A US biologist claimed to have discovered that the anti-depressant can help improve the sex lives of shellfish. According to Peter Fong of Gettysberg College he found that the drug stimulates freshwater fingernail clams and zebra mussels to spawn, which could be useful for clam and mussel farmers. A clue as to why lies in the effects of Prozac on raising serotonin levels – the compound not only affects human mental happiness but is the trigger for spawning in these creatures.

Fong added mysteriously that rarely has either animal been observed to spawn in the wild or in the laboratory without the use of an artificial chemical aid. I was puzzled then as to how these aquatic creatures managed to reproduce successfully for millions of years before the invention of Prozac.

Guilty privates

There’s an army barracks attached to a local village that allows the public to use its heated outdoor swimming pool in the summer. I often assumed it was too much chlorine that was the problem with stinging eyes.

But, according to chemist Howard Gosling that typical swimming pool smell actually comes from compounds known as chloramines that form when chlorine reacts with any urine or sweat in the water. Nice. It’s the chloramines not the chlorine that make your eyes sting.

I’ll leave you to draw your own conclusions about why the army pool brings tears to the eyes. Maybe the CO should drop in some of that chemical that turns the water blue of there are any guilty privates swimming.

Illicit CD-ROMs

An Australian chemist friend of mine was giving a lecture recently on how Western chemists might best help their colleagues in the developing world gain access to the mountains of chemical information available without eating into their own budgets too much.

Various systems based around the Web were discussed but industrial delegates were surprisingly more than a little interested in one particular idea concerning CD-ROMs.

My chemist friend planned to set up a cheap subscription service for a monthly CD-ROM that would mirror chemistry sites on the web and so bring the internet to those scientists in poverty-struck institutes with no access. When the queue for samples of the CD-ROM had stretched to the back of the lecture hall my friend asked the next person in line why they were so keen to see the CD-ROM. The startling reply was that their employer was so scared of staff wasting time on the web that all net access was blocked – a CD-ROM could be viewed illicitly without needing a net connection.

Where there’s muck, there’s brass

Where’s there’s muck there truly is brass according to the late Benjamin Luberoff writing in Chemistry & Industry. Luberoff reported that in Sacramento, California, someone is stealing the trash.

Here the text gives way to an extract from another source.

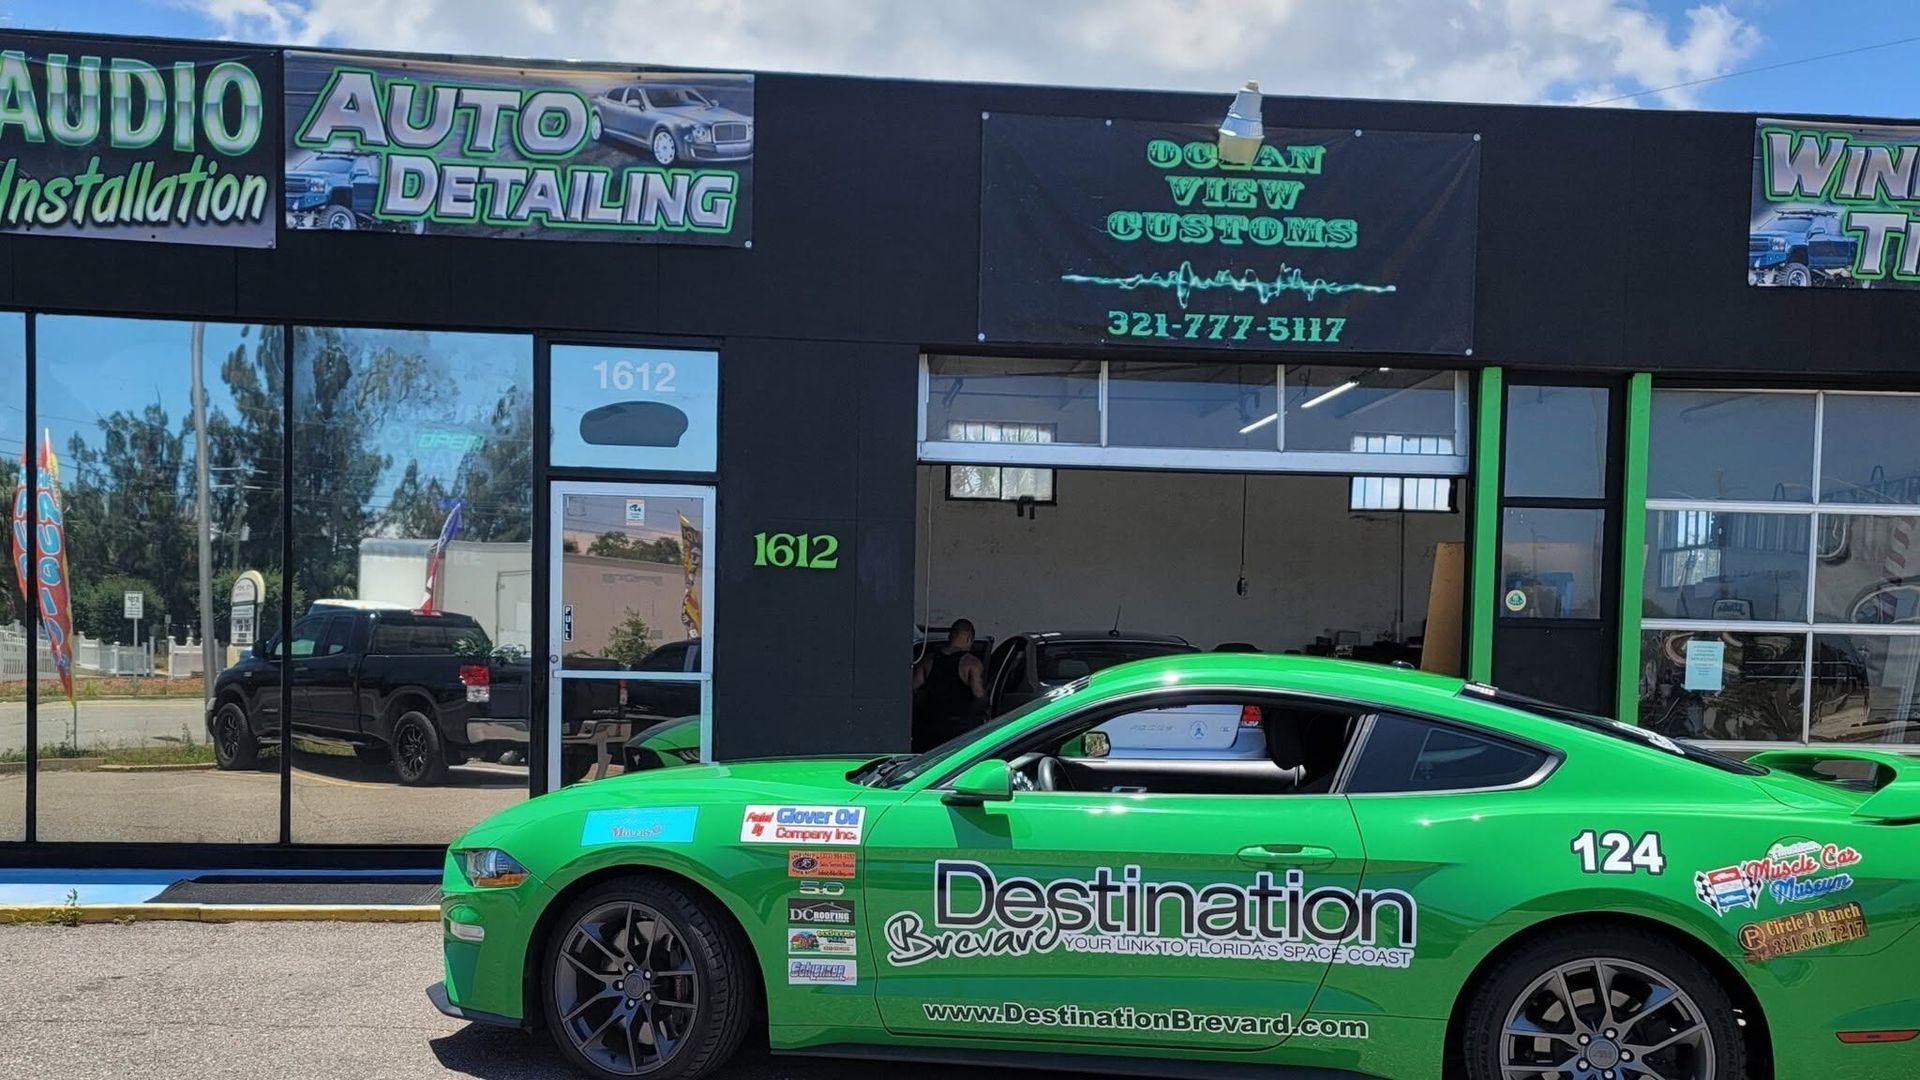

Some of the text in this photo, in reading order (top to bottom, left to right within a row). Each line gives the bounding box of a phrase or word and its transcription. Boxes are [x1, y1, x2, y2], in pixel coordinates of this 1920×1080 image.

Not just any old rubbish, mind, the stuff that’s getting the attention of the local criminal fraternity, or sorority, is the tonnes of recyclables residents kindly sort and leave out for collection every week.

It’s easy to load a pickup truck with aluminium Coors cans, paper and glass, drive to the local recycling plant and pick up a few nickels and dimes in return for one’s efforts, he reckons. The local police department estimates that some $400,000 worth of recyclables are being scavenged from among the garbage of the citizenry each year.

A sizeable loss to the city coffers to add to the $250,000 they spend on disposal of old fridges and tyres. I’m waiting with interest to see the same happening in Cambridge where a kerb-side recycling scheme was implemented last year. If it’s good enough for California.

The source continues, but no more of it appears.